- WHAT THIS TASK INVOLVES
Nothing but a verbatim copy of the data, minus the images, should be returned.

- DATA TO PROCESS
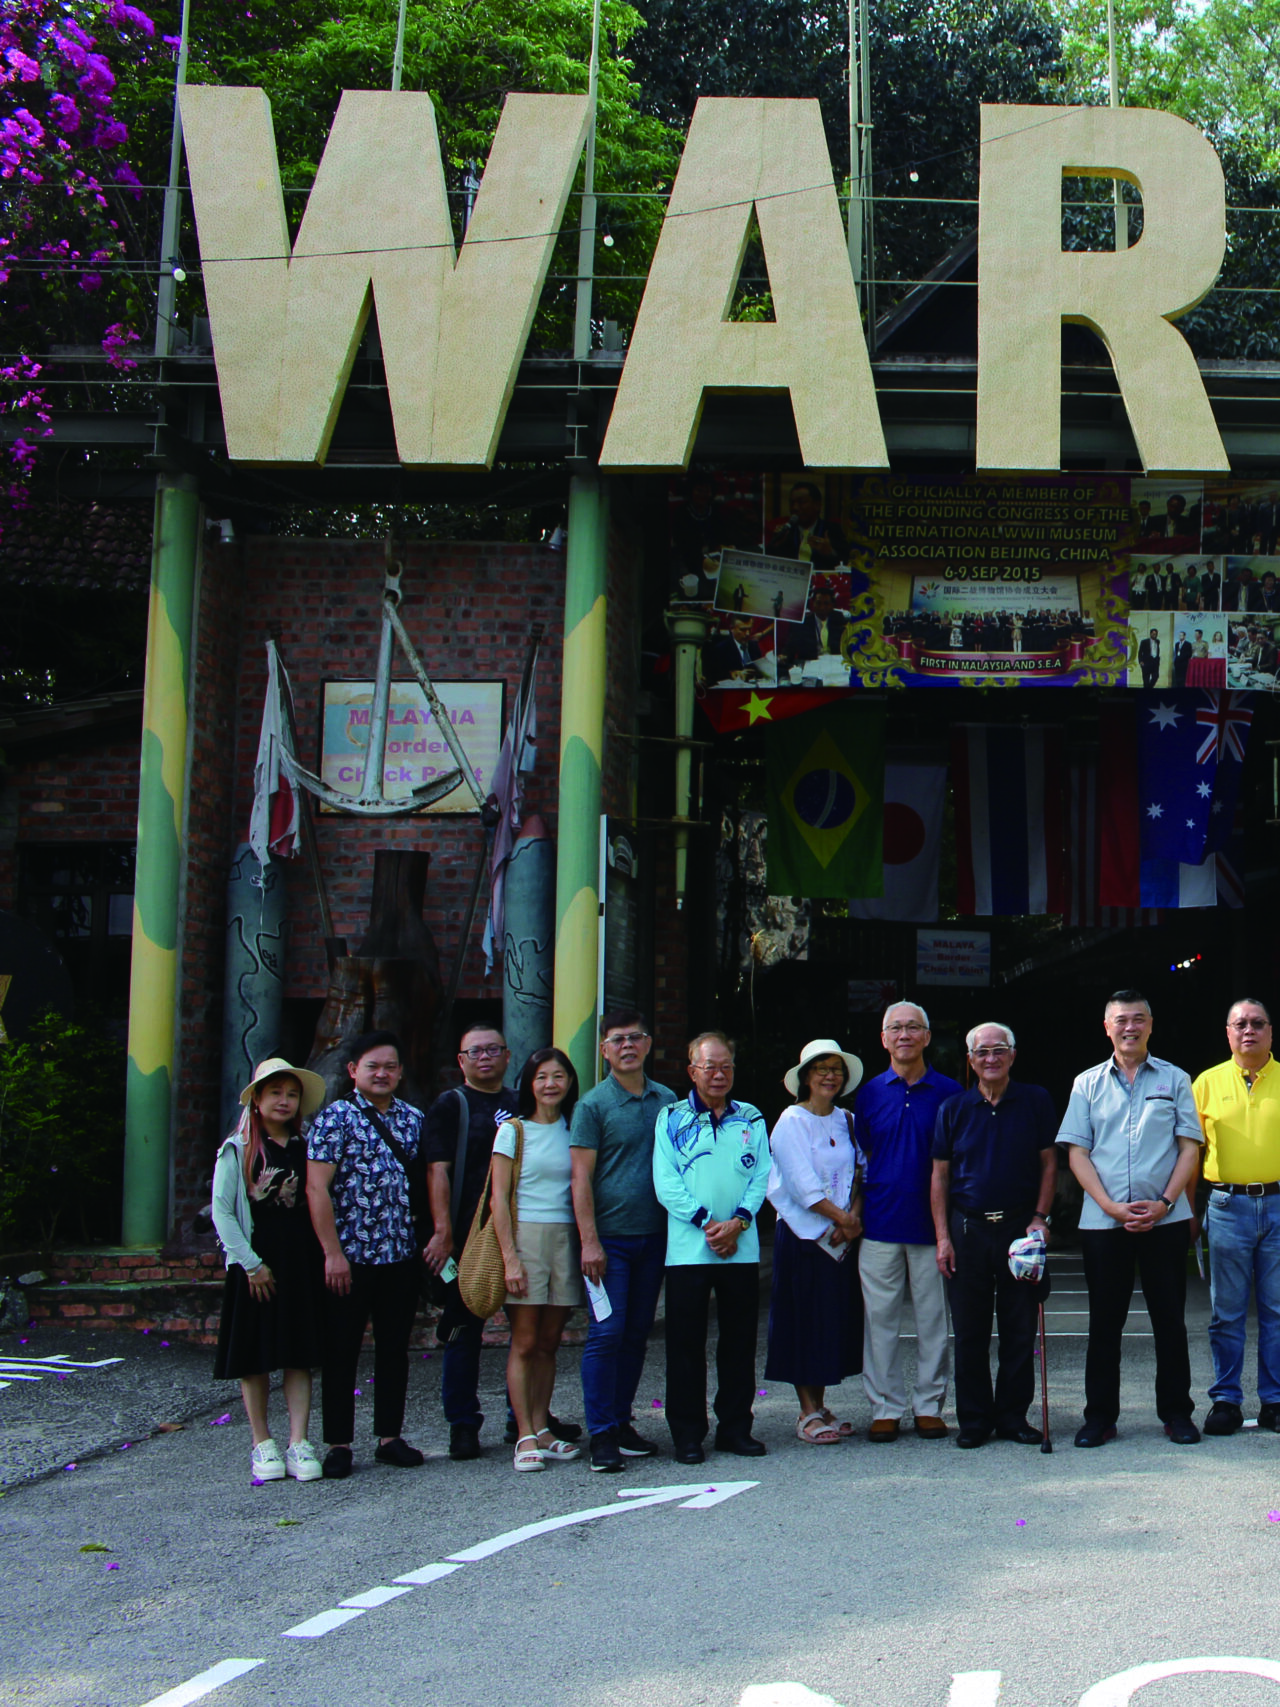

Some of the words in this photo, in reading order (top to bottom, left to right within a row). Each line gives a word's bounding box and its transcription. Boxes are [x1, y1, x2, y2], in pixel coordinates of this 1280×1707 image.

[176, 84, 1230, 476] WAR
[891, 485, 981, 500] OFFICIALLY
[986, 488, 998, 500] A
[1002, 488, 1069, 500] MEMBER
[1072, 489, 1095, 501] OF
[863, 505, 893, 518] THE
[898, 506, 983, 520] FOUNDING
[987, 507, 1070, 521] CONGRESS
[1073, 508, 1095, 521] OF
[1098, 508, 1130, 522] THE
[868, 525, 1000, 539] INTERNATIONAL
[1003, 528, 1045, 540] WWII
[1049, 528, 1117, 541] MUSEUM
[878, 545, 986, 559] ASSOCIATION
[990, 547, 1051, 560] BEIJING
[945, 566, 967, 579] 6-9
[972, 567, 998, 580] SEP
[1004, 567, 1041, 581] 2015
[920, 656, 946, 668] FIRST
[948, 659, 959, 670] IN
[961, 661, 1010, 671] MALAYSIA
[1013, 661, 1034, 670] AND
[1037, 658, 1062, 669] S.E.A
[349, 708, 476, 726] MLAYIA
[382, 737, 452, 754] order
[338, 766, 412, 783] Chck
[933, 940, 975, 949] MALAYA

- RESULT OF THIS EXERCISE
Some of the words in this photo, in reading order (top to bottom, left to right within a row). Each line gives a word's bounding box and its transcription. Boxes are [x1, y1, x2, y2], in pixel coordinates of this 1280×1707 image.

[176, 84, 1230, 476] WAR
[891, 485, 981, 500] OFFICIALLY
[986, 488, 998, 500] A
[1002, 488, 1069, 500] MEMBER
[1072, 489, 1095, 501] OF
[863, 505, 893, 518] THE
[898, 506, 983, 520] FOUNDING
[987, 507, 1070, 521] CONGRESS
[1073, 508, 1095, 521] OF
[1098, 508, 1130, 522] THE
[868, 525, 1000, 539] INTERNATIONAL
[1003, 528, 1045, 540] WWII
[1049, 528, 1117, 541] MUSEUM
[878, 545, 986, 559] ASSOCIATION
[990, 547, 1051, 560] BEIJING
[945, 566, 967, 579] 6-9
[972, 567, 998, 580] SEP
[1004, 567, 1041, 581] 2015
[920, 656, 946, 668] FIRST
[948, 659, 959, 670] IN
[961, 661, 1010, 671] MALAYSIA
[1013, 661, 1034, 670] AND
[1037, 658, 1062, 669] S.E.A
[349, 708, 476, 726] MLAYIA
[382, 737, 452, 754] order
[338, 766, 412, 783] Chck
[933, 940, 975, 949] MALAYA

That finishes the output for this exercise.